**Directions for this task**
Repeat every record exactly as written, but leave out the pictures.

::::::::

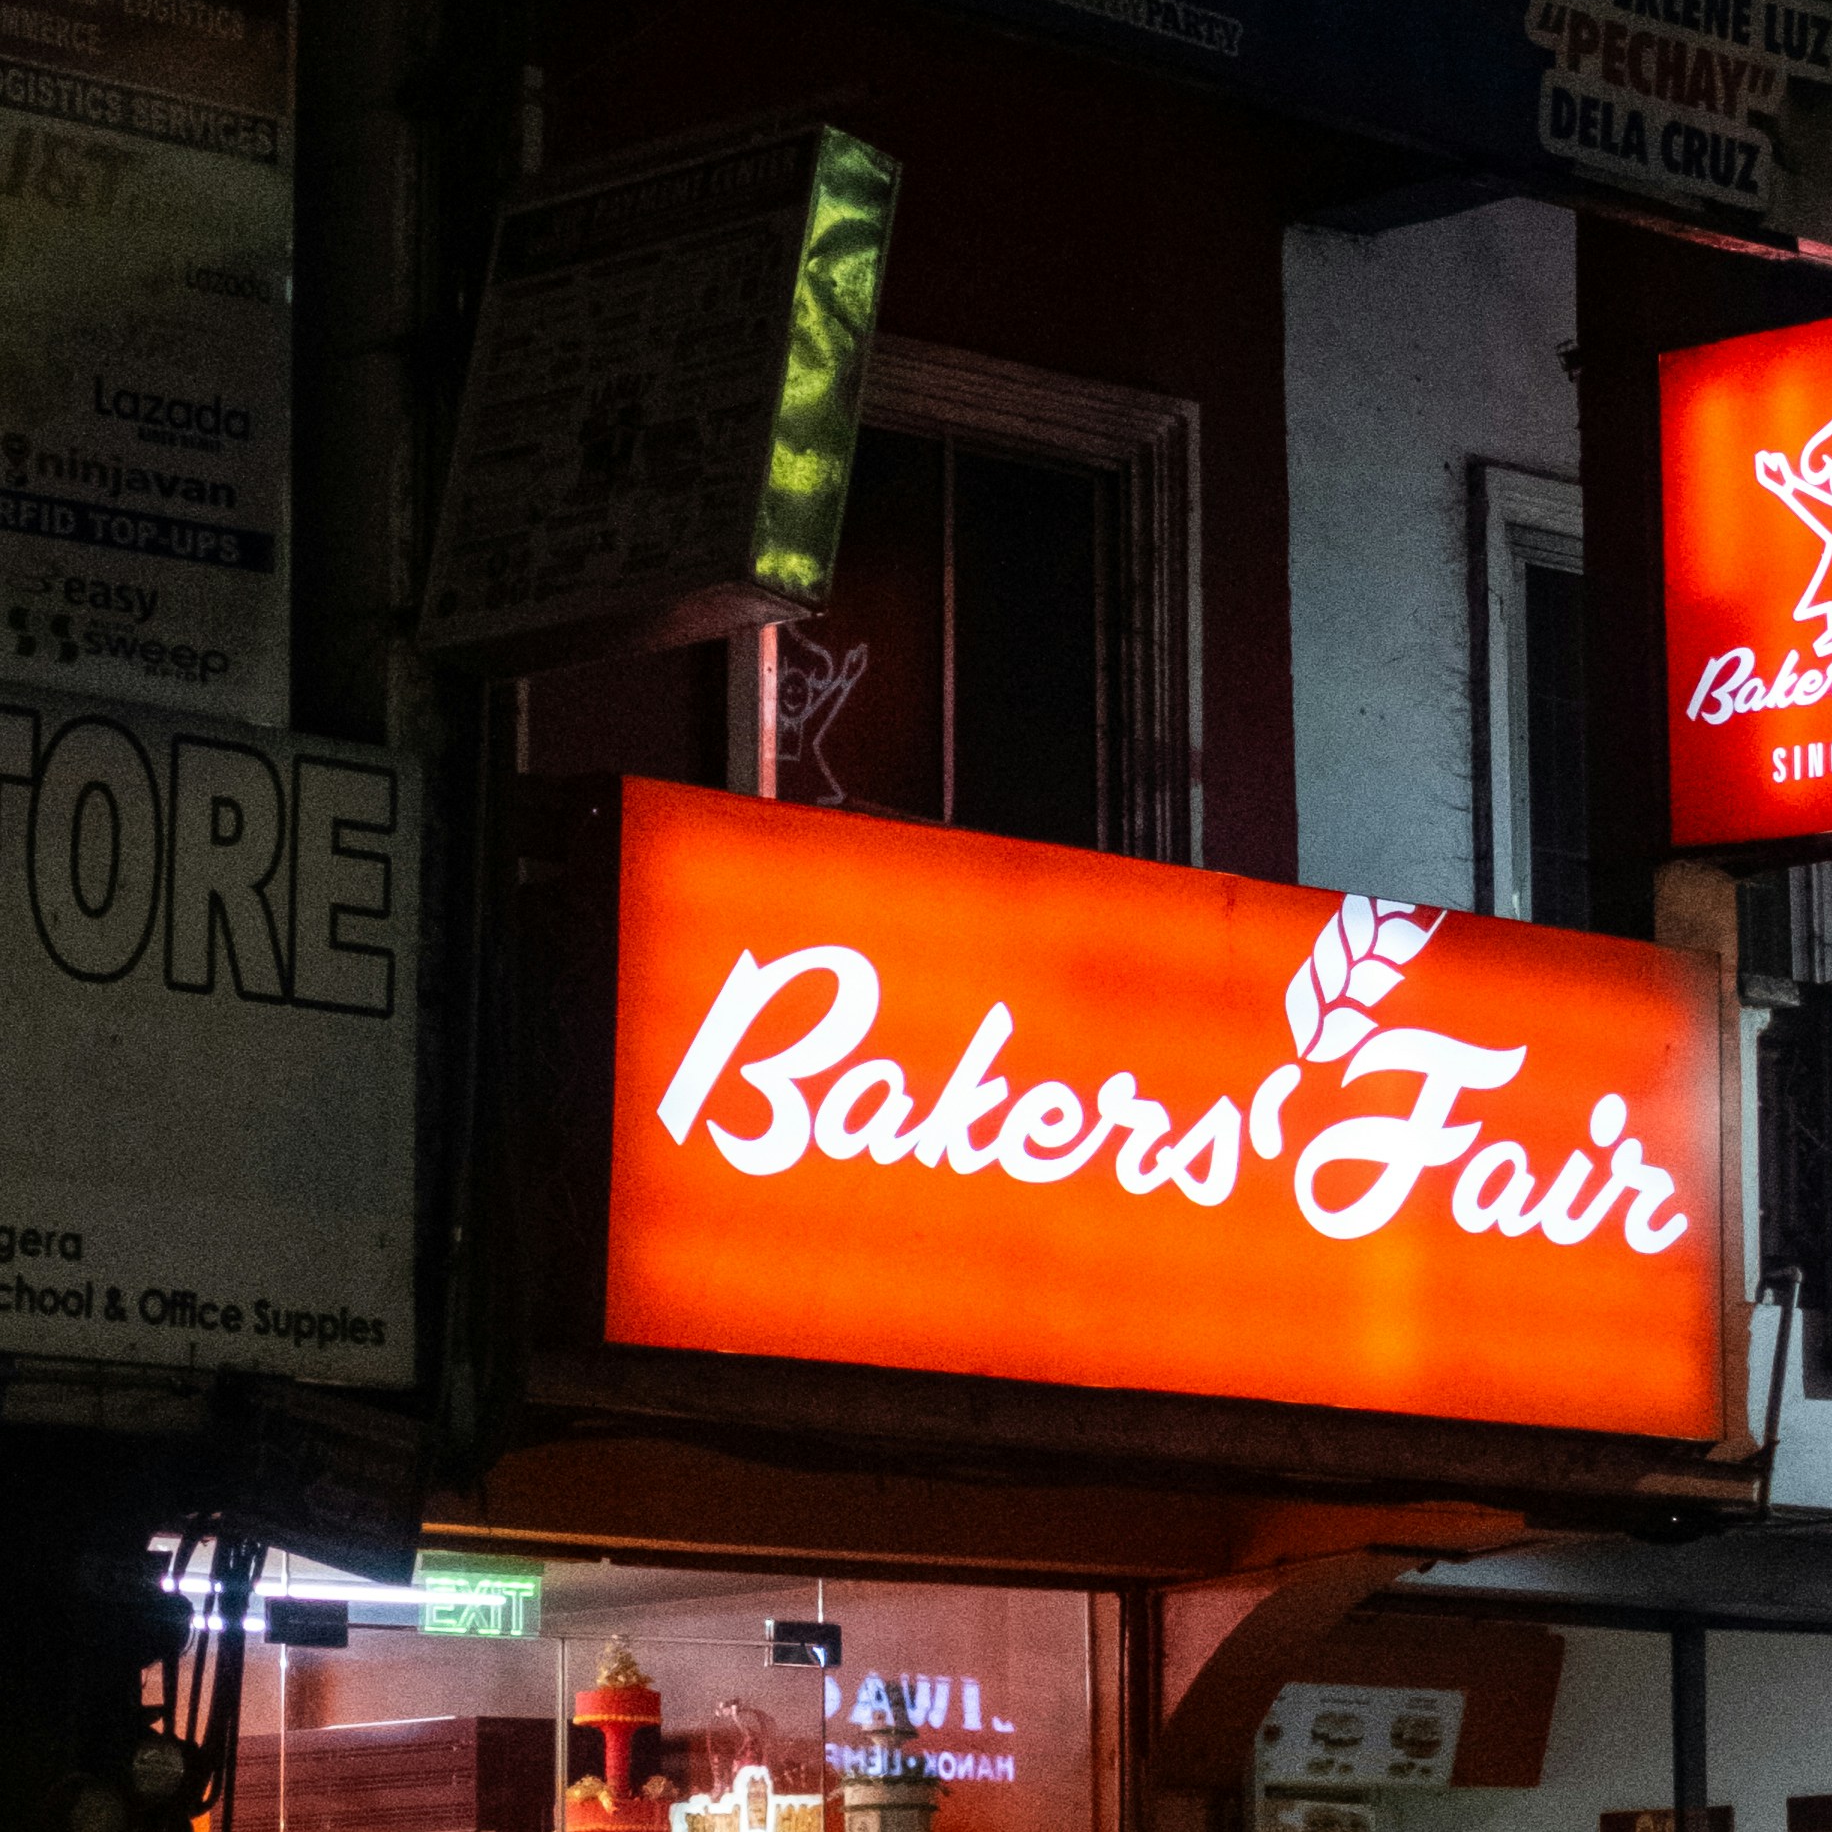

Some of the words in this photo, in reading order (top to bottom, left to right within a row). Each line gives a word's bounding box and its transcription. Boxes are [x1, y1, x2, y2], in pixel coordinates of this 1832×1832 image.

[0, 66, 122, 125] GISTICS
[131, 94, 277, 158] SERVICES
[1550, 88, 1650, 167] DELA
[1660, 121, 1761, 193] CRUZ
[96, 380, 251, 443] Lazada
[0, 497, 76, 536] RFID
[90, 512, 241, 565] TOP-UPS
[64, 576, 158, 625] easy
[84, 631, 229, 683] sweep
[1293, 1026, 1689, 1256] Fair
[105, 1286, 127, 1323] &
[138, 1288, 243, 1334] Office
[423, 1577, 536, 1637] EXIT

::::::::

**Answer section**
Some of the words in this photo, in reading order (top to bottom, left to right within a row). Each line gives a word's bounding box and its transcription. Boxes are [x1, y1, x2, y2], in pixel coordinates of this 1832×1832 image.

[0, 66, 122, 125] GISTICS
[131, 94, 277, 158] SERVICES
[1550, 88, 1650, 167] DELA
[1660, 121, 1761, 193] CRUZ
[96, 380, 251, 443] Lazada
[0, 497, 76, 536] RFID
[90, 512, 241, 565] TOP-UPS
[64, 576, 158, 625] easy
[84, 631, 229, 683] sweep
[1293, 1026, 1689, 1256] Fair
[105, 1286, 127, 1323] &
[138, 1288, 243, 1334] Office
[423, 1577, 536, 1637] EXIT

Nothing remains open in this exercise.